Does cutting insulin make you lose weight? Sure, as your body voids half the carbs it ingests through excessive urination (not unlike weight loss before type 1 diabetes is diagnosed).

Dangerous? Absolutely, say the experts.

In fact, it's a type of eating disorder, they say. Yet Margaret Grey, Ph.D., R.N., of the Yale University Program for Youth with Diabetes, also admits it's pretty commonplace among young people with diabetes. "It's not surprising, given how closely food has been scrutinized, that eating behaviors in kids get disturbed," she says.

And girls in particular may be fighting extra concerns, with a tendency toward weight gain from intensive insulin therapy.

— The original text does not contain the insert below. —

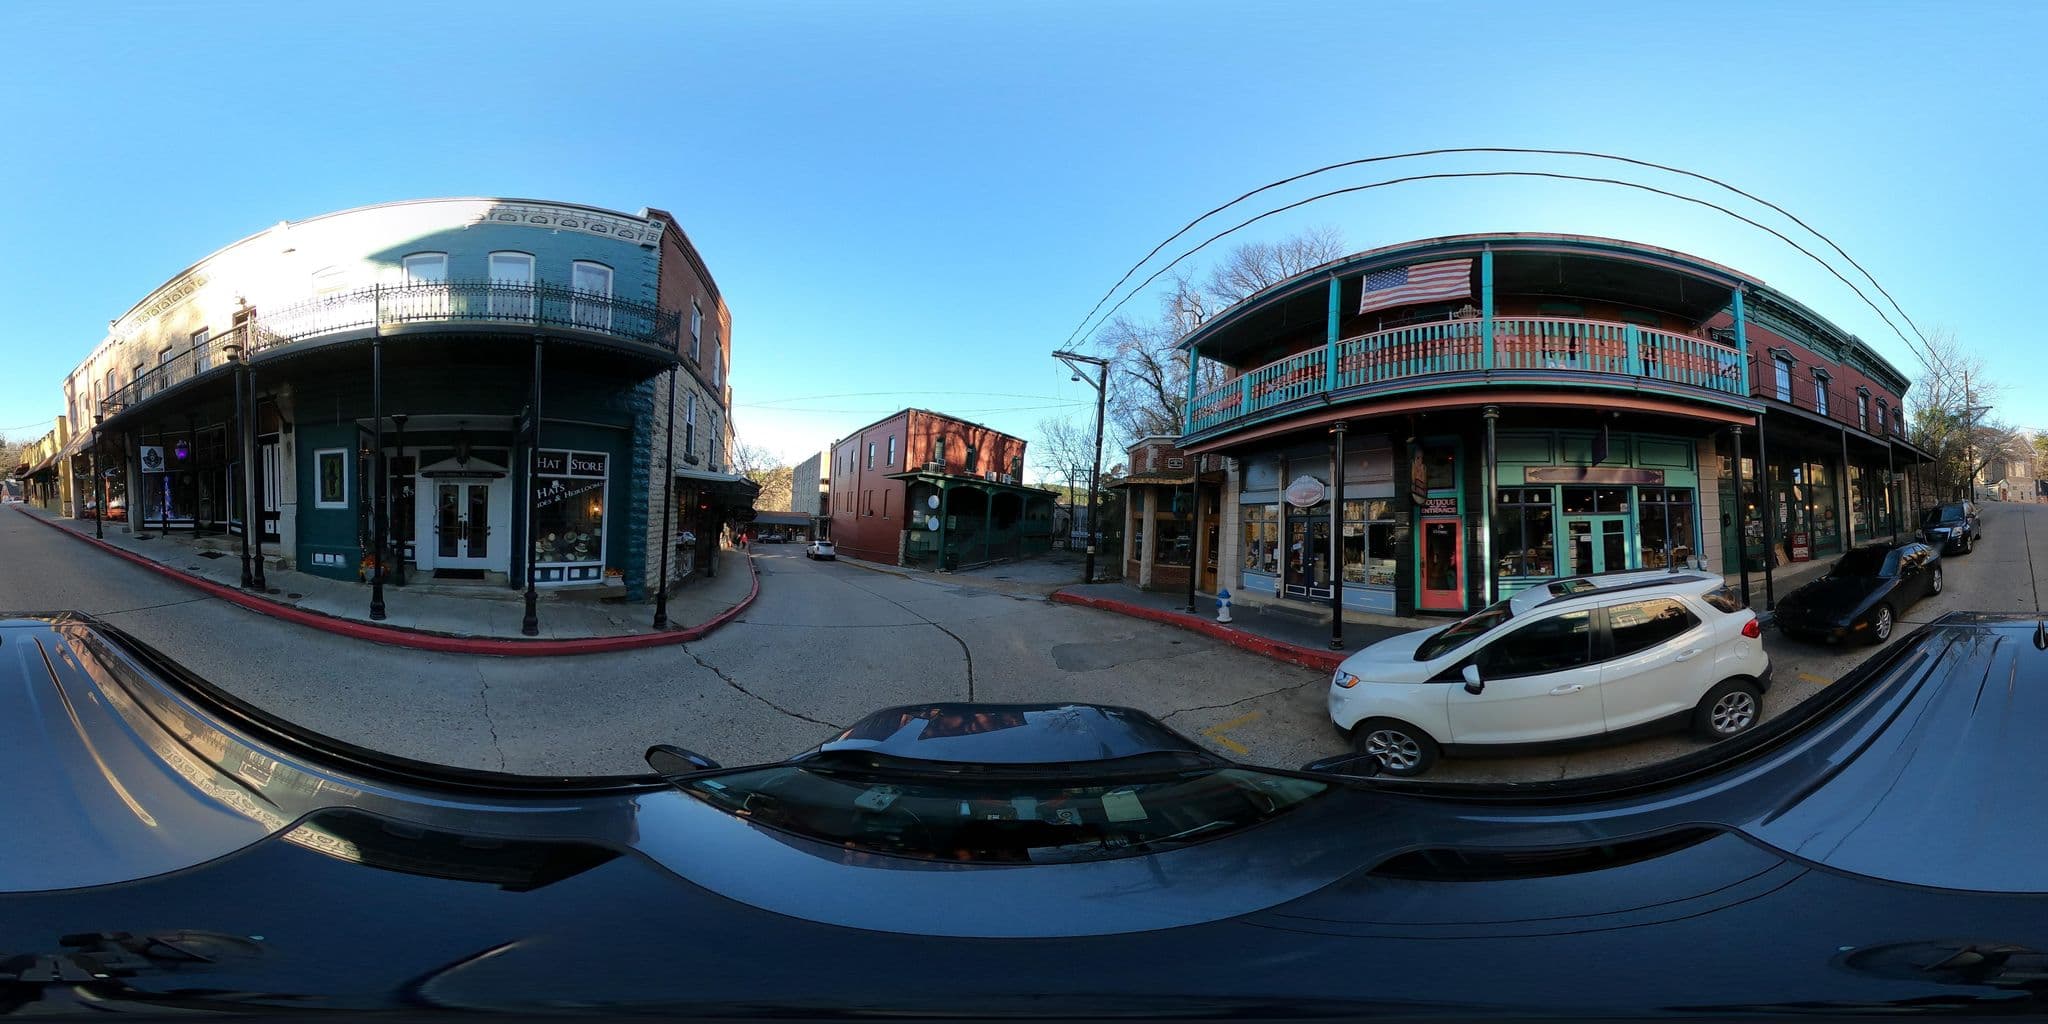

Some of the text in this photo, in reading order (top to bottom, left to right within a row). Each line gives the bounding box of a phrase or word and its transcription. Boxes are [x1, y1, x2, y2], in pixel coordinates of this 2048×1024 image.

[537, 457, 604, 472] HAT STORE
[537, 484, 565, 499] HATS

While it may not seem that reducing insulin for a few days can do any real harm, Dr. Grey says the risk is signficant--especially if you start to get a cold or flu. You "can get way out of control in a very short period of time." Without enough insulin, your body can't keep up, and you can wind up with diabetic ketoacidosis, she says.

Furthermore, a study published in the New England Journal of Medicine indicated that eating disorders are not only widespread among teenage girls with diabetes but that long-range complications appear to be real. Citing the use of laxatives, self-induced vomiting, and avoiding insulin as ways to keep weight down, lead researcher Anne Rydall of Toronto Hospital said the most striking finding was damage to blood vessels in the eyes, a condition known as diabetic retinopathy.

So before you skip that insulin shot, do yourself a favor and think about the short- and long-term problems. Is it worth it?